Amoureux d’un monstre : Pourquoi sommes

Amoureux d'un monstre : Pourquoi sommes-nous si attirés par le vrai crime ?  - La troisiÚme

🍿 2022-10-23 02:25:00 – Paris/France.

Il suffit de jeter un coup d’Ɠil superficiel au catalogue Netflix pour constater son ampleur. Au cours des derniĂšres annĂ©es, les sĂ©ries, films et documentaires appartenant au sous-genre connu sous le nom de vrais crimes – histoires basĂ©es sur de vrais crimes – ont acquis une importance considĂ©rable au sein de la plateforme de Streaming.

Et ce n’est pas qu’un problĂšme d’approvisionnement. Le succĂšs de ce type d’histoires est tel qu’il n’est pas Ă©tonnant de retrouver plus d’un de ces titres se disputant les dix premiĂšres places du top mondial. Le test le plus rĂ©cent est venu de la main de deux produits inspirĂ©s par le mĂȘme boĂźtier : la sĂ©rie Dahmer – Monstre: L’histoire de Jeffrey Dahmer et la sĂ©rie documentaire Conversations avec un tueur : les enregistrements de Jeffrey Dahmertous deux basĂ©s sur la dure histoire du criminel amĂ©ricain surnommĂ© « le boucher de Milwaukee », pour son habitude de dĂ©membrer, dissĂ©quer et mĂȘme de manger les organes de ses victimes.

Les exemples ne manquent pas.

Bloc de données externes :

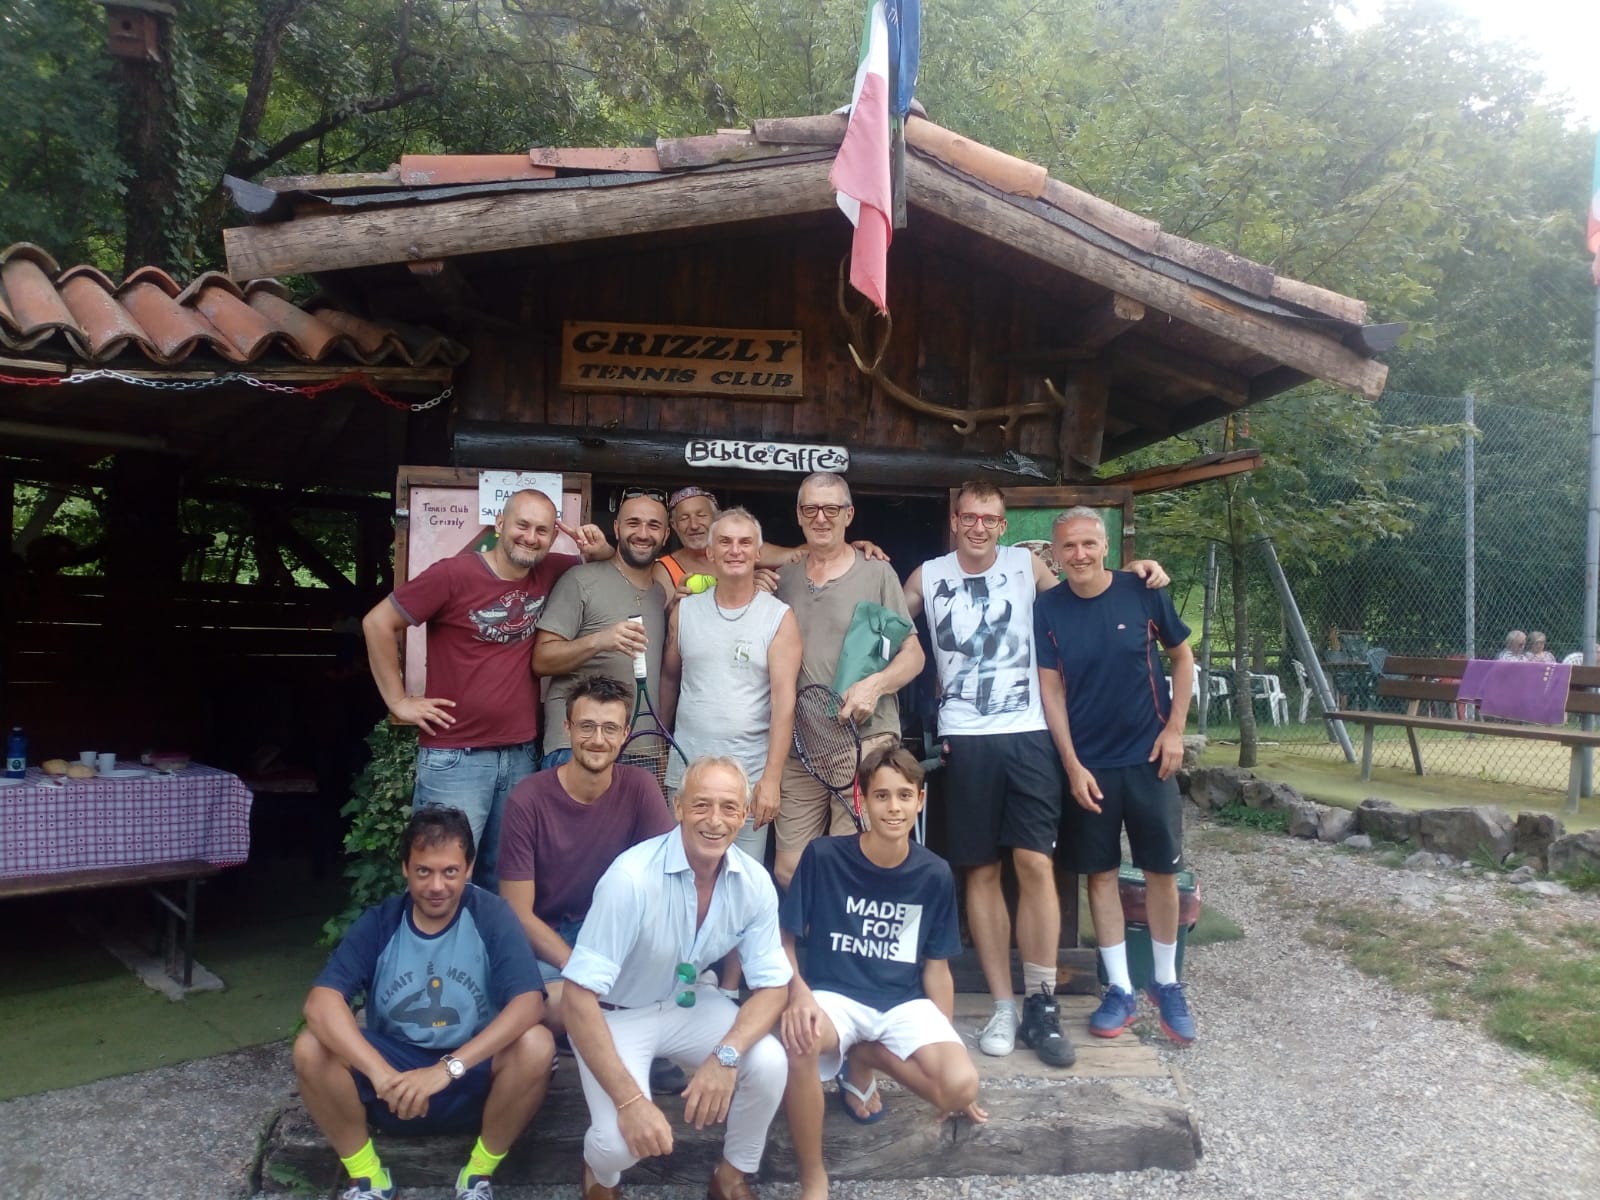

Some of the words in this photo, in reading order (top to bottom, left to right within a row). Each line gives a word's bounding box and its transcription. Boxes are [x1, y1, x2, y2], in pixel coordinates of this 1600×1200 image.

Les bandes Ted Bundy (2019), Fils de Sam : Une descente aux enfers (2021)Sophie : un meurtre Ă  Cork (2021)Le serpent (2021), je viens de tuer mon pĂšre (2022), Vigilant (2022) et production nationale 42 jours dans le noir (2022) –inspirĂ© de l’affaire de l’enlĂšvement et du meurtre de Vivian Heager– Ce sont quelques-uns des produits basĂ©s sur des Ă©vĂ©nements rĂ©els qui sont disponibles sur la plateforme, qui, Ă  leur tour, ne reprĂ©sentent qu’un petit coup de pinceau de l’offre totale.

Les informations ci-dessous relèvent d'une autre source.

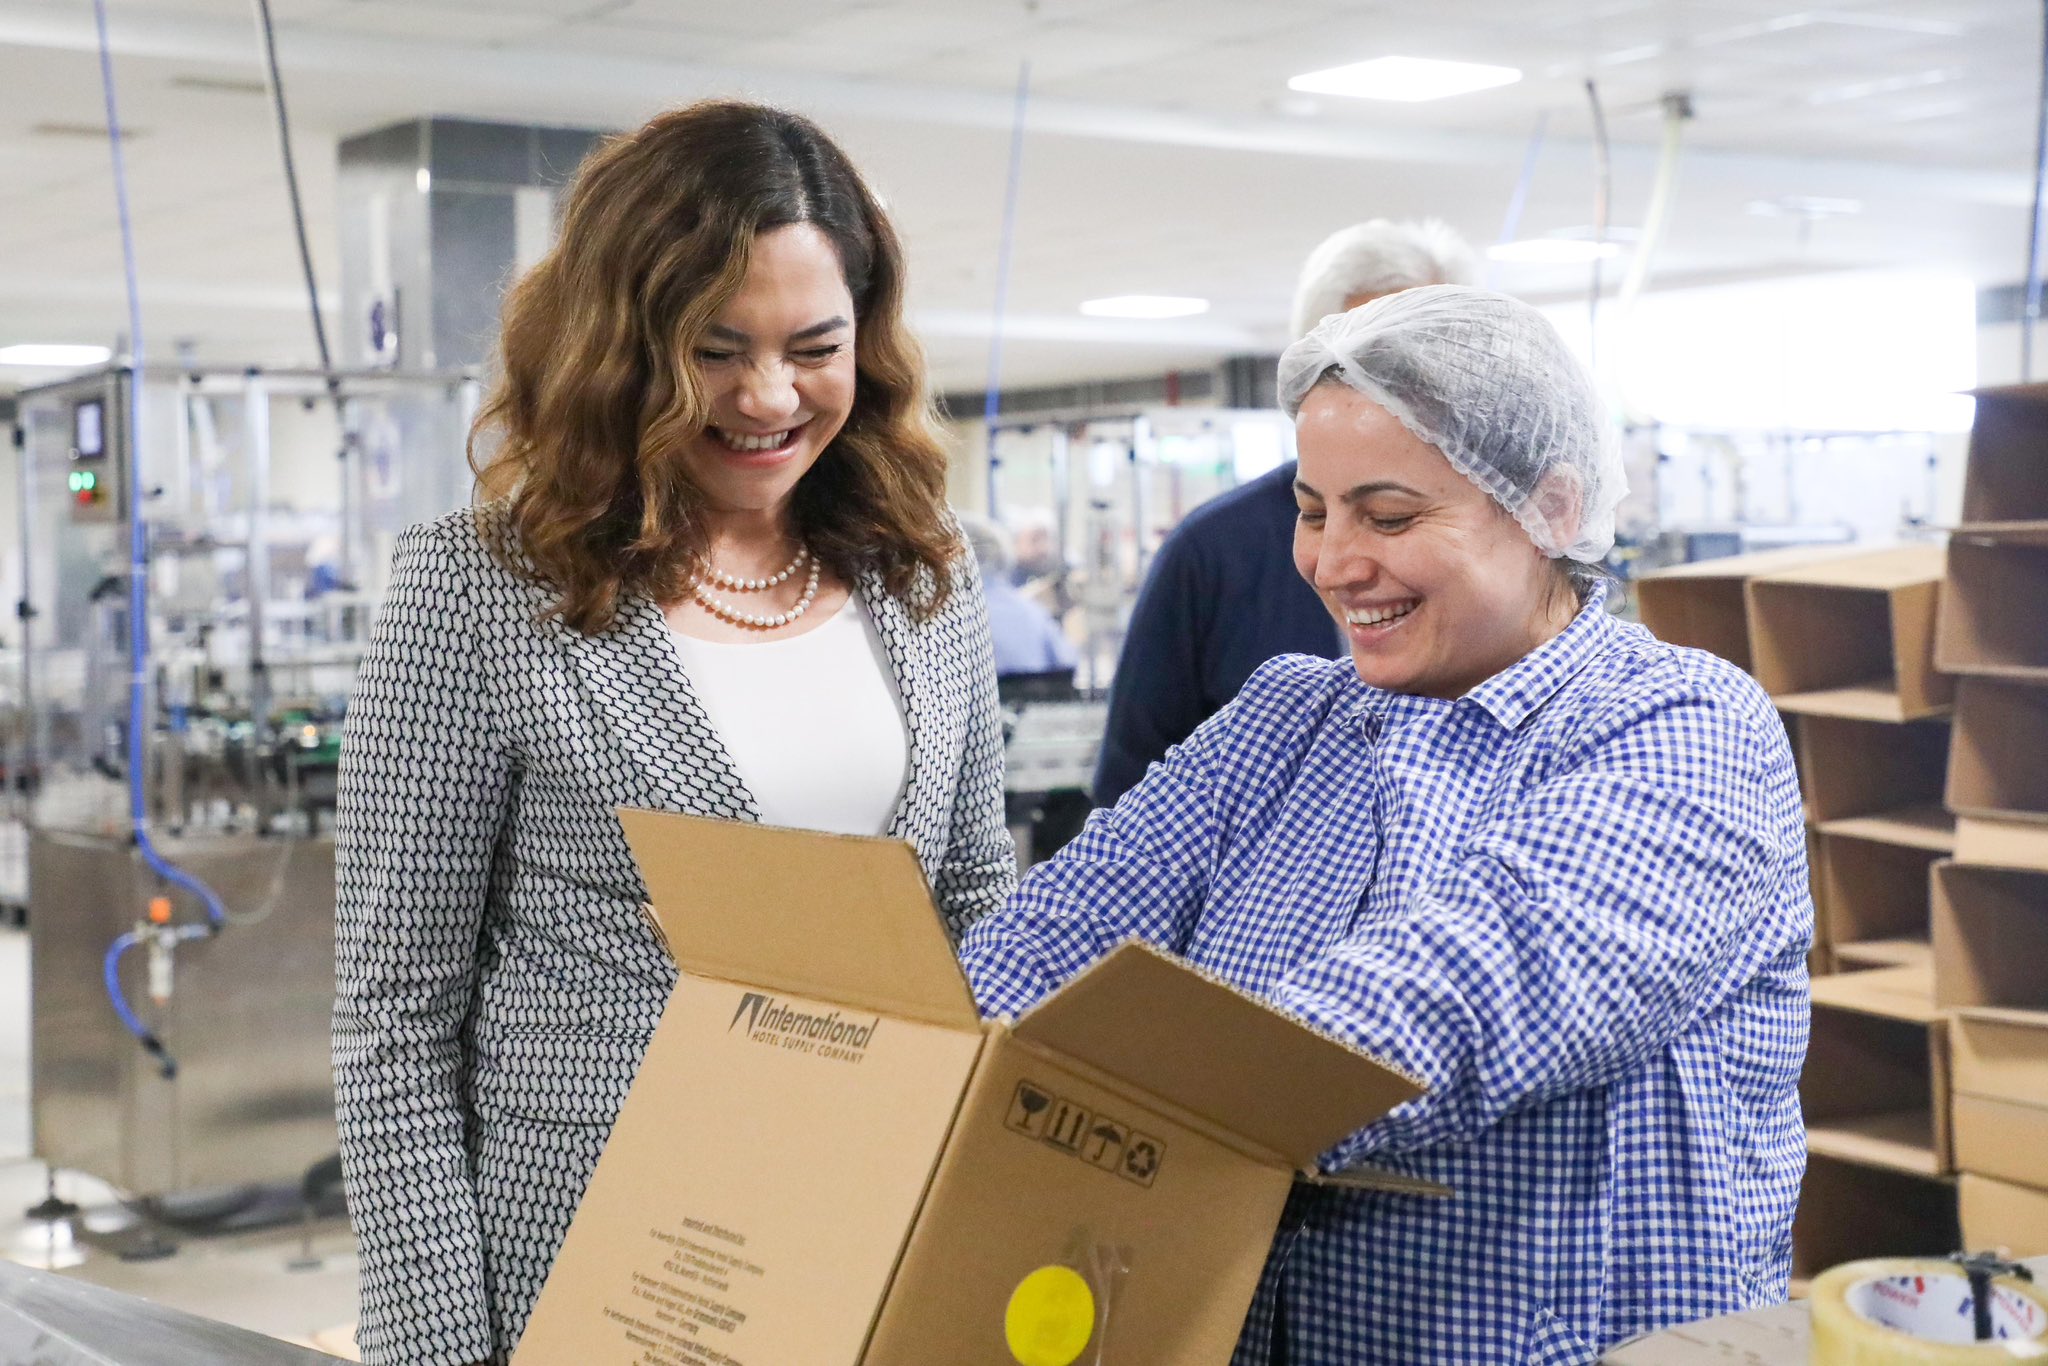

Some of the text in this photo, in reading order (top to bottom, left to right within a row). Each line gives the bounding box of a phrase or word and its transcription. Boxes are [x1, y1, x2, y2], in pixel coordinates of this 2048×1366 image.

[758, 998, 880, 1049] International
[752, 1030, 865, 1064] HOTEL SUPPLY COMPANY

Au-delĂ  de ce que les chiffres communiquent, Plusieurs Ă©lĂ©ments peuvent aider Ă  clarifier la question de savoir pourquoi les histoires de crimes rĂ©els nous fascinent tant.. Carolina Valenzuela, psychologue mĂ©dico-lĂ©gale et directrice du Master en psychologie juridique et mĂ©dico-lĂ©gale de l’UniversitĂ© Diego Portales, souligne une sensation produite Ă  un niveau inconscient.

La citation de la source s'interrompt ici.